Doctissimo
Lorsque l’on évoque le médicament valproate — commercialisé sous le nom de Dépakine — le danger est bien connu pour les femmes enceintes : malformations, troubles du développement… Mais pour la première fois, une vaste étude française suggère que l’exposition paternelle pourrait aussi jouer un rôle dans le devenir de l’enfant. Une alerte salutaire, qui oblige à repenser non seulement la prescription, mais aussi la responsabilité, la prévention et l’accompagnement des futurs pères.
Après des décennies de mise en garde contre le valproate en cas de grossesse, l’Agence nationale de sécurité du médicament et des produits de santé (ANSM) a publié en novembre 2025 une étude qui met en lumière un « risque accru de troubles neuro-développementaux chez l’enfant dont le père a été traité pendant la spermatogenèse ». Cette révélation ouvre un nouveau chapitre dans le dossier valproate, et impose des précautions inédites pour les hommes.
La Dépakine, un antiépileptique dangereux pour les mères
Depuis plusieurs années, l’usage du valproate (Dépakine) chez les femmes en âge de procréer est sous haute surveillance. Le médicament, utilisé dans l’épilepsie ou les troubles bipolaires, s’est révélé tératogène : il expose à un risque de malformations congénitales estimé à 11 % et à des troubles neuro-développementaux pouvant atteindre 30 à 40 % quand la mère est traitée pendant la grossesse.
Des risques qui avaient déjà conduit à des prescriptions plus encadrées pour les hommes
Jusqu’à présent, la vigilance se concentrait sur la mère. Mais aujourd’hui, l’étude de l’ANSM et du registre national français marque un tournant. Selon le communiqué : « Les résultats montrent une augmentation globale de 24 % du risque de TND chez les enfants de père traité par valproate au moment de la conception, comparativement à ceux dont le père était traité par lamotrigine ou lévétiracétam » (deux autres antiépileptiques).
Cette étude, qui porte sur environ 2,8 millions d’enfants nés en France entre 2010 et 2015, parmi lesquels 4 773 étaient nés d’un père traité par valproate pendant la spermatogenèse, identifie 583 enfants présentant au moins un trouble neuro-développemental : 149 troubles déficit de l’attention (TDAH), 42 troubles du développement intellectuel, 77 troubles du spectre de l’autisme, 294 troubles de la communication, 160 troubles des apprentissages.
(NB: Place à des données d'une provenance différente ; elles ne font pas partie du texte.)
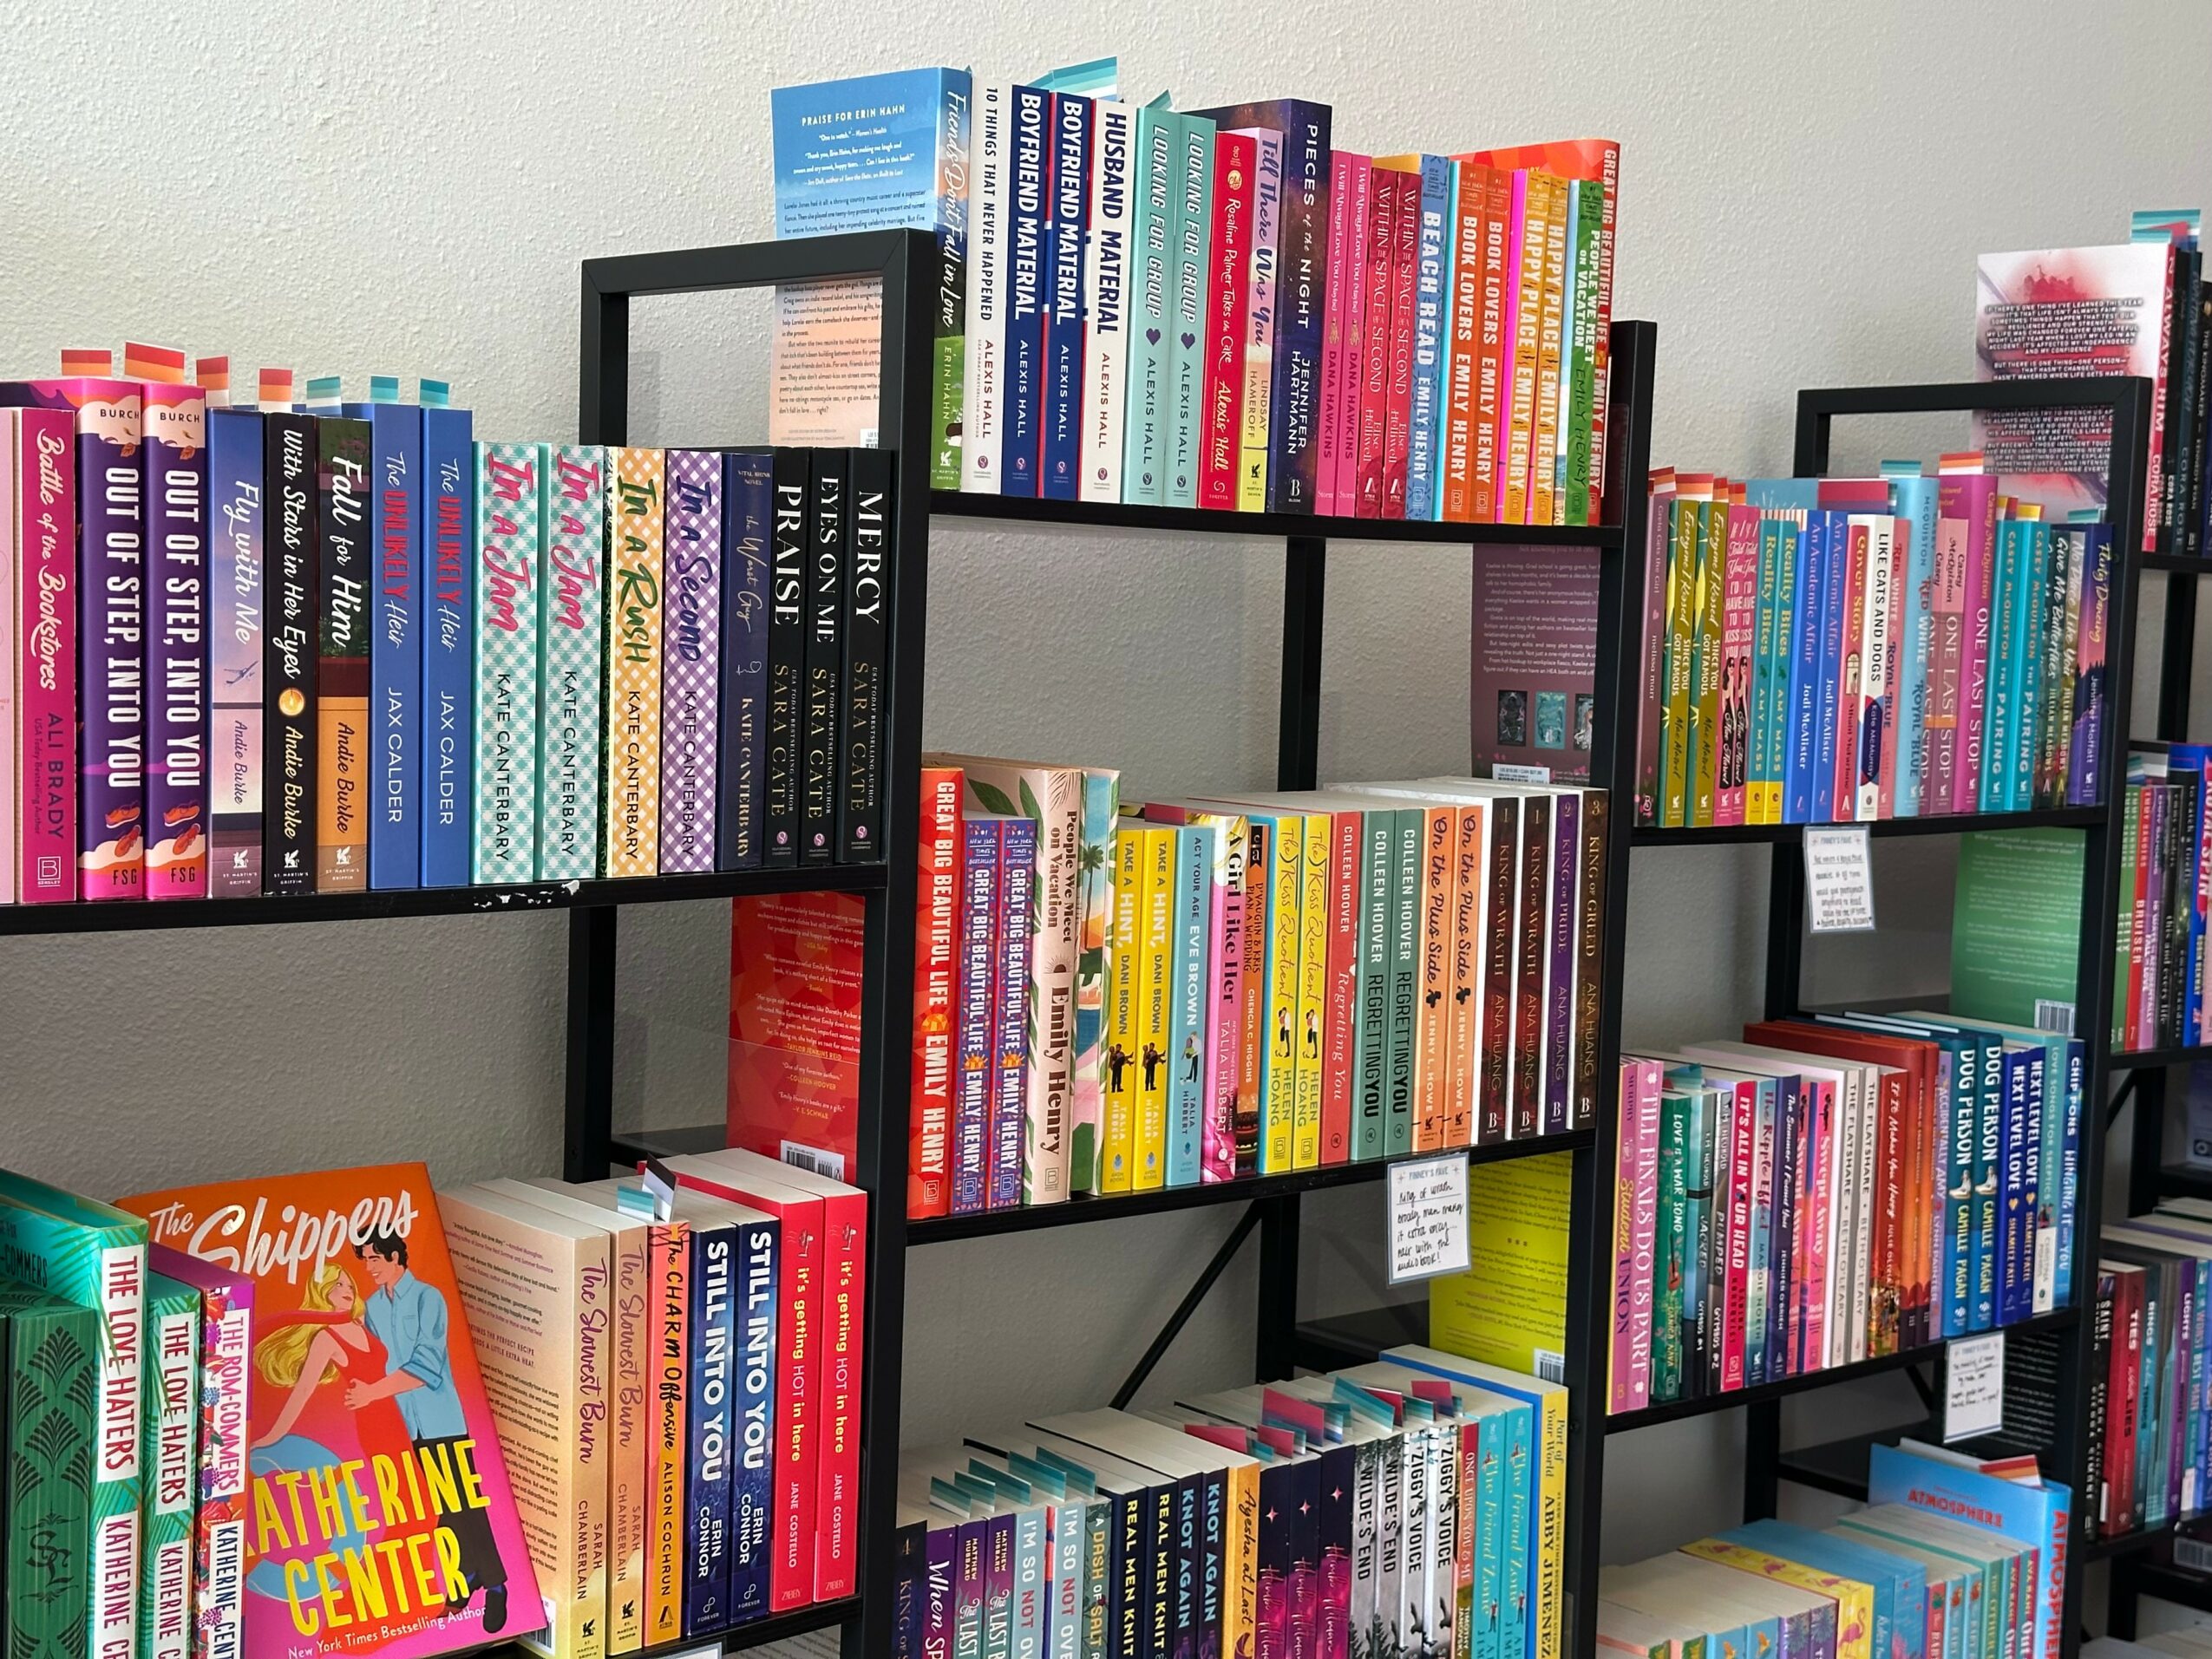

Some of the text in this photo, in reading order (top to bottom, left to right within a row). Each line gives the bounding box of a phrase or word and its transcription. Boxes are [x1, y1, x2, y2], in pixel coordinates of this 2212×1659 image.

Si le risque se double pour le trouble du développement intellectuel (soit +3,5 cas pour 1 000 enfants), il reste « bien moindre » que celui observé quand la mère est exposée à ce médicament. Mais le message est clair : les hommes sous valproate doivent désormais être informés, et les médecins également.
En France, depuis le 6 janvier 2025, la prescription initiale de valproate chez un adolescent ou un homme susceptible d’avoir des enfants est réservée à un neurologue, un psychiatre ou un pédiatre, et la dispensation est conditionnée à une attestation d’information partagée cosignée chaque année.
Vers une indemnisation pour les « papas Dépakine » ?
En mai 2023, une étude initiale réalisée par les laboratoires pharmaceutiques concernés, à la demande du comité de pharmacovigilance (PRAC) de l’Agence européenne des médicaments (EMA), a suggéré un risque potentiel de troubles neurodéveloppementaux. Cette découverte a conduit l’ANSM à instaurer des mesures d’information pour les patients et les professionnels de santé. Cette étude nordique a montré un risque variant entre 5,6 % et 6,3 % chez les enfants nés de pères exposés au valproate, contre 2,5 % à 3,6 % pour d’autres antiépileptiques (lamotrigine ou lévétiracétam). Les résultats de l’étude française vont être transmis au niveau européen où l’évaluation se poursuit.
Marine Martin, représentante de l’APESAC, qui avait alerté sur les dangers de la Dépakine en 2016, a révélé avoir été rapidement contactée par environ 80 « pères dépakine ». Ces derniers ont partagé leurs inquiétudes concernant leurs enfants souffrant de troubles autistiques ou de dys. Lors d’une intervention sur France Info, elle a exprimé l’espoir que cette nouvelle étude permettra d’inclure les enfants de ces pères dans le fonds d’indemnisation déjà existant pour les femmes, géré par l’Office national d’indemnisation des accidents médicaux. En pleine période de discussions budgétaires, elle sollicite les parlementaires pour modifier ce dispositif afin d’y intégrer les enfants de ces pères.